**Task prompt:**
Return the records exactly, with nothing added.

Extracted records:
◆ ◆ ◆ ◆ ◆

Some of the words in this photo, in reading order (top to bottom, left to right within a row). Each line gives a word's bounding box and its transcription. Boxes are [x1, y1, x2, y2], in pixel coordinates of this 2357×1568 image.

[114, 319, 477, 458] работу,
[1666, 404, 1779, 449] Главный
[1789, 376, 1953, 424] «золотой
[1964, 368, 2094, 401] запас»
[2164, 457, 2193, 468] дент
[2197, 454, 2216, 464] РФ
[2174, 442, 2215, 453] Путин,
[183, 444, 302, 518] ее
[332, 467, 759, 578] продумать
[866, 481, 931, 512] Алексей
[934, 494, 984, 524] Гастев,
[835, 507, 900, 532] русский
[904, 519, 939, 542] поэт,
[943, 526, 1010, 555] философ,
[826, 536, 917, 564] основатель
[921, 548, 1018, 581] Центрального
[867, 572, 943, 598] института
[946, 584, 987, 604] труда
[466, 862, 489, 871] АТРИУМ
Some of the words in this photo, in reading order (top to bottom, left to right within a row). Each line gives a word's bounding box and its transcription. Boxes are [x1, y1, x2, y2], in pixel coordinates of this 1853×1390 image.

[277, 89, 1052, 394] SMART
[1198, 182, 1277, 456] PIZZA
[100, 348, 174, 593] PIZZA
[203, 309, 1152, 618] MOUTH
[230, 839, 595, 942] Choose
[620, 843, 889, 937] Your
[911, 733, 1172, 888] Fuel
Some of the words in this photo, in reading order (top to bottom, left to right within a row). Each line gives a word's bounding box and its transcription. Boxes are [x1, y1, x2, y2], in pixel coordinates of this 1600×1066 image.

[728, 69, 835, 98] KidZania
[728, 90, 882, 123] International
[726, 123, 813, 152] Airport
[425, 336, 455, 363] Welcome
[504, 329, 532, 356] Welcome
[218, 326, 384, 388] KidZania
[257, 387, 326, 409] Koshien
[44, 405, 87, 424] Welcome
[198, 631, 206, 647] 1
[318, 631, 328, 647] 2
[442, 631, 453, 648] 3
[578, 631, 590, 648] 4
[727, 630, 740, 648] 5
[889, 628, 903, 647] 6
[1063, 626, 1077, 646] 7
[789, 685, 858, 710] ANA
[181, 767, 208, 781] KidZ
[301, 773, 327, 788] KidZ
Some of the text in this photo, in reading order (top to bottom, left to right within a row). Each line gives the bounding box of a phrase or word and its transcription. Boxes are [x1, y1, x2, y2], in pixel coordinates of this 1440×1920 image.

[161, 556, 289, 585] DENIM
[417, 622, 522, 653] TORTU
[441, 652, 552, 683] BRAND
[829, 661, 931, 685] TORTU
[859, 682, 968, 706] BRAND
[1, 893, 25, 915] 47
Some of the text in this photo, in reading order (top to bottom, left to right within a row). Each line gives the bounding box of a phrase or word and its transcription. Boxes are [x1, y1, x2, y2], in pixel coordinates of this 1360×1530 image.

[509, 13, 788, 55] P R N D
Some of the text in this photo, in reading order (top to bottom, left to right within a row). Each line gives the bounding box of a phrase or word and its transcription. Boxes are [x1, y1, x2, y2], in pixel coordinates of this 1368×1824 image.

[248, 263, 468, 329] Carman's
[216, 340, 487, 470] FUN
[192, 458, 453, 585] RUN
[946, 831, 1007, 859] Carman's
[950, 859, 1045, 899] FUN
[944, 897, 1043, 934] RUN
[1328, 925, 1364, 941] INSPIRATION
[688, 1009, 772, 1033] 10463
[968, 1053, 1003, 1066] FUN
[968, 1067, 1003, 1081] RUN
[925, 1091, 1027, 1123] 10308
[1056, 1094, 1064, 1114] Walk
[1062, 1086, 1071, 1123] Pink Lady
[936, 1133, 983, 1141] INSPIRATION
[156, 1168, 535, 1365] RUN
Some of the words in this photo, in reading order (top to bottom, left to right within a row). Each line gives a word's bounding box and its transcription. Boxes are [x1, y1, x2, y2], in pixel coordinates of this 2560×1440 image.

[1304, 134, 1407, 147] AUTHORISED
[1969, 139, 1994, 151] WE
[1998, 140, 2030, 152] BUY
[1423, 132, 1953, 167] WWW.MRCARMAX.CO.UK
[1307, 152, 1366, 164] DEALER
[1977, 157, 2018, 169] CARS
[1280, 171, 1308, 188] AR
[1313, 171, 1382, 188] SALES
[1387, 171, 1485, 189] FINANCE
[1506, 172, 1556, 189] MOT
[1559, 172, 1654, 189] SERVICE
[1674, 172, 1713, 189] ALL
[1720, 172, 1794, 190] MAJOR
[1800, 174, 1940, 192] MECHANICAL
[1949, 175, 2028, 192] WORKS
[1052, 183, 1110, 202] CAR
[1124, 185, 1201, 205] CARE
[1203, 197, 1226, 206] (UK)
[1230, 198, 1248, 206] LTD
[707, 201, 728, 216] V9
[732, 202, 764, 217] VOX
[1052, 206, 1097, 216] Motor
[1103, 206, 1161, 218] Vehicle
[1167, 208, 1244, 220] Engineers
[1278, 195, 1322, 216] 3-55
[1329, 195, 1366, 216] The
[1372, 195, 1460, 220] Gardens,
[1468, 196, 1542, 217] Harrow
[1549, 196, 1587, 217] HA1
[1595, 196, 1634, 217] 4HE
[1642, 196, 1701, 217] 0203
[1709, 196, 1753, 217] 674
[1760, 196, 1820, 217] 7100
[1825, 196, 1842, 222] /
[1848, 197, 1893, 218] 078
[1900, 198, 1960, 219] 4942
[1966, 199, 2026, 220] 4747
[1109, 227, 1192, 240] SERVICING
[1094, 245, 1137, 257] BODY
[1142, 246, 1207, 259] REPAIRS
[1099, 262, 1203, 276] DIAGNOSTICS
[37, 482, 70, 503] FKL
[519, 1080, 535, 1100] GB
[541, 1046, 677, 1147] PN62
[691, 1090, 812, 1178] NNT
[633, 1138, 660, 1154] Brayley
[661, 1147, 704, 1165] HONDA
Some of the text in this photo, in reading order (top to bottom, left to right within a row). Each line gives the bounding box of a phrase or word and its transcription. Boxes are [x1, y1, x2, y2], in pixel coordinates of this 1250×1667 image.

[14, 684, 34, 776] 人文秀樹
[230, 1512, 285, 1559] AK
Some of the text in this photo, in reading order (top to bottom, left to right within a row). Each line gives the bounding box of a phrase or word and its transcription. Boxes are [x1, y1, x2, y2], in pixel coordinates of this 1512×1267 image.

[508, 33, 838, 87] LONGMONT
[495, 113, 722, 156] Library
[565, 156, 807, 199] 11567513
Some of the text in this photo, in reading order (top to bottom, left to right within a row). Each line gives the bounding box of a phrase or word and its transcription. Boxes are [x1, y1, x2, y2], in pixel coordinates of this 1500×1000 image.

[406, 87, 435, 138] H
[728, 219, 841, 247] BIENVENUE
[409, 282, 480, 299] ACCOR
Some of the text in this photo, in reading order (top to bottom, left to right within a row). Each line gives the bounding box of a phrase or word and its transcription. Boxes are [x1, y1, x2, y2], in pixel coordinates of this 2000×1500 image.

◆ ◆ ◆ ◆ ◆

**Solution to this problem:**
Some of the words in this photo, in reading order (top to bottom, left to right within a row). Each line gives a word's bounding box and its transcription. Boxes are [x1, y1, x2, y2], in pixel coordinates of this 2357×1568 image.

[114, 319, 477, 458] работу,
[1666, 404, 1779, 449] Главный
[1789, 376, 1953, 424] «золотой
[1964, 368, 2094, 401] запас»
[2164, 457, 2193, 468] дент
[2197, 454, 2216, 464] РФ
[2174, 442, 2215, 453] Путин,
[183, 444, 302, 518] ее
[332, 467, 759, 578] продумать
[866, 481, 931, 512] Алексей
[934, 494, 984, 524] Гастев,
[835, 507, 900, 532] русский
[904, 519, 939, 542] поэт,
[943, 526, 1010, 555] философ,
[826, 536, 917, 564] основатель
[921, 548, 1018, 581] Центрального
[867, 572, 943, 598] института
[946, 584, 987, 604] труда
[466, 862, 489, 871] АТРИУМ
Some of the words in this photo, in reading order (top to bottom, left to right within a row). Each line gives a word's bounding box and its transcription. Boxes are [x1, y1, x2, y2], in pixel coordinates of this 1853×1390 image.

[277, 89, 1052, 394] SMART
[1198, 182, 1277, 456] PIZZA
[100, 348, 174, 593] PIZZA
[203, 309, 1152, 618] MOUTH
[230, 839, 595, 942] Choose
[620, 843, 889, 937] Your
[911, 733, 1172, 888] Fuel
Some of the words in this photo, in reading order (top to bottom, left to right within a row). Each line gives a word's bounding box and its transcription. Boxes are [x1, y1, x2, y2], in pixel coordinates of this 1600×1066 image.

[728, 69, 835, 98] KidZania
[728, 90, 882, 123] International
[726, 123, 813, 152] Airport
[425, 336, 455, 363] Welcome
[504, 329, 532, 356] Welcome
[218, 326, 384, 388] KidZania
[257, 387, 326, 409] Koshien
[44, 405, 87, 424] Welcome
[198, 631, 206, 647] 1
[318, 631, 328, 647] 2
[442, 631, 453, 648] 3
[578, 631, 590, 648] 4
[727, 630, 740, 648] 5
[889, 628, 903, 647] 6
[1063, 626, 1077, 646] 7
[789, 685, 858, 710] ANA
[181, 767, 208, 781] KidZ
[301, 773, 327, 788] KidZ
Some of the text in this photo, in reading order (top to bottom, left to right within a row). Each line gives the bounding box of a phrase or word and its transcription. Boxes are [x1, y1, x2, y2], in pixel coordinates of this 1440×1920 image.

[161, 556, 289, 585] DENIM
[417, 622, 522, 653] TORTU
[441, 652, 552, 683] BRAND
[829, 661, 931, 685] TORTU
[859, 682, 968, 706] BRAND
[1, 893, 25, 915] 47
Some of the text in this photo, in reading order (top to bottom, left to right within a row). Each line gives the bounding box of a phrase or word and its transcription. Boxes are [x1, y1, x2, y2], in pixel coordinates of this 1360×1530 image.

[509, 13, 788, 55] P R N D
Some of the text in this photo, in reading order (top to bottom, left to right within a row). Each line gives the bounding box of a phrase or word and its transcription. Boxes are [x1, y1, x2, y2], in pixel coordinates of this 1368×1824 image.

[248, 263, 468, 329] Carman's
[216, 340, 487, 470] FUN
[192, 458, 453, 585] RUN
[946, 831, 1007, 859] Carman's
[950, 859, 1045, 899] FUN
[944, 897, 1043, 934] RUN
[1328, 925, 1364, 941] INSPIRATION
[688, 1009, 772, 1033] 10463
[968, 1053, 1003, 1066] FUN
[968, 1067, 1003, 1081] RUN
[925, 1091, 1027, 1123] 10308
[1056, 1094, 1064, 1114] Walk
[1062, 1086, 1071, 1123] Pink Lady
[936, 1133, 983, 1141] INSPIRATION
[156, 1168, 535, 1365] RUN
Some of the words in this photo, in reading order (top to bottom, left to right within a row). Each line gives a word's bounding box and its transcription. Boxes are [x1, y1, x2, y2], in pixel coordinates of this 2560×1440 image.

[1304, 134, 1407, 147] AUTHORISED
[1969, 139, 1994, 151] WE
[1998, 140, 2030, 152] BUY
[1423, 132, 1953, 167] WWW.MRCARMAX.CO.UK
[1307, 152, 1366, 164] DEALER
[1977, 157, 2018, 169] CARS
[1280, 171, 1308, 188] AR
[1313, 171, 1382, 188] SALES
[1387, 171, 1485, 189] FINANCE
[1506, 172, 1556, 189] MOT
[1559, 172, 1654, 189] SERVICE
[1674, 172, 1713, 189] ALL
[1720, 172, 1794, 190] MAJOR
[1800, 174, 1940, 192] MECHANICAL
[1949, 175, 2028, 192] WORKS
[1052, 183, 1110, 202] CAR
[1124, 185, 1201, 205] CARE
[1203, 197, 1226, 206] (UK)
[1230, 198, 1248, 206] LTD
[707, 201, 728, 216] V9
[732, 202, 764, 217] VOX
[1052, 206, 1097, 216] Motor
[1103, 206, 1161, 218] Vehicle
[1167, 208, 1244, 220] Engineers
[1278, 195, 1322, 216] 3-55
[1329, 195, 1366, 216] The
[1372, 195, 1460, 220] Gardens,
[1468, 196, 1542, 217] Harrow
[1549, 196, 1587, 217] HA1
[1595, 196, 1634, 217] 4HE
[1642, 196, 1701, 217] 0203
[1709, 196, 1753, 217] 674
[1760, 196, 1820, 217] 7100
[1825, 196, 1842, 222] /
[1848, 197, 1893, 218] 078
[1900, 198, 1960, 219] 4942
[1966, 199, 2026, 220] 4747
[1109, 227, 1192, 240] SERVICING
[1094, 245, 1137, 257] BODY
[1142, 246, 1207, 259] REPAIRS
[1099, 262, 1203, 276] DIAGNOSTICS
[37, 482, 70, 503] FKL
[519, 1080, 535, 1100] GB
[541, 1046, 677, 1147] PN62
[691, 1090, 812, 1178] NNT
[633, 1138, 660, 1154] Brayley
[661, 1147, 704, 1165] HONDA
Some of the text in this photo, in reading order (top to bottom, left to right within a row). Each line gives the bounding box of a phrase or word and its transcription. Boxes are [x1, y1, x2, y2], in pixel coordinates of this 1250×1667 image.

[14, 684, 34, 776] 人文秀樹
[230, 1512, 285, 1559] AK
Some of the text in this photo, in reading order (top to bottom, left to right within a row). Each line gives the bounding box of a phrase or word and its transcription. Boxes are [x1, y1, x2, y2], in pixel coordinates of this 1512×1267 image.

[508, 33, 838, 87] LONGMONT
[495, 113, 722, 156] Library
[565, 156, 807, 199] 11567513
Some of the text in this photo, in reading order (top to bottom, left to right within a row). Each line gives the bounding box of a phrase or word and its transcription. Boxes are [x1, y1, x2, y2], in pixel coordinates of this 1500×1000 image.

[406, 87, 435, 138] H
[728, 219, 841, 247] BIENVENUE
[409, 282, 480, 299] ACCOR
Some of the text in this photo, in reading order (top to bottom, left to right within a row). Each line gives the bounding box of a phrase or word and its transcription. Boxes are [x1, y1, x2, y2], in pixel coordinates of this 2000×1500 image.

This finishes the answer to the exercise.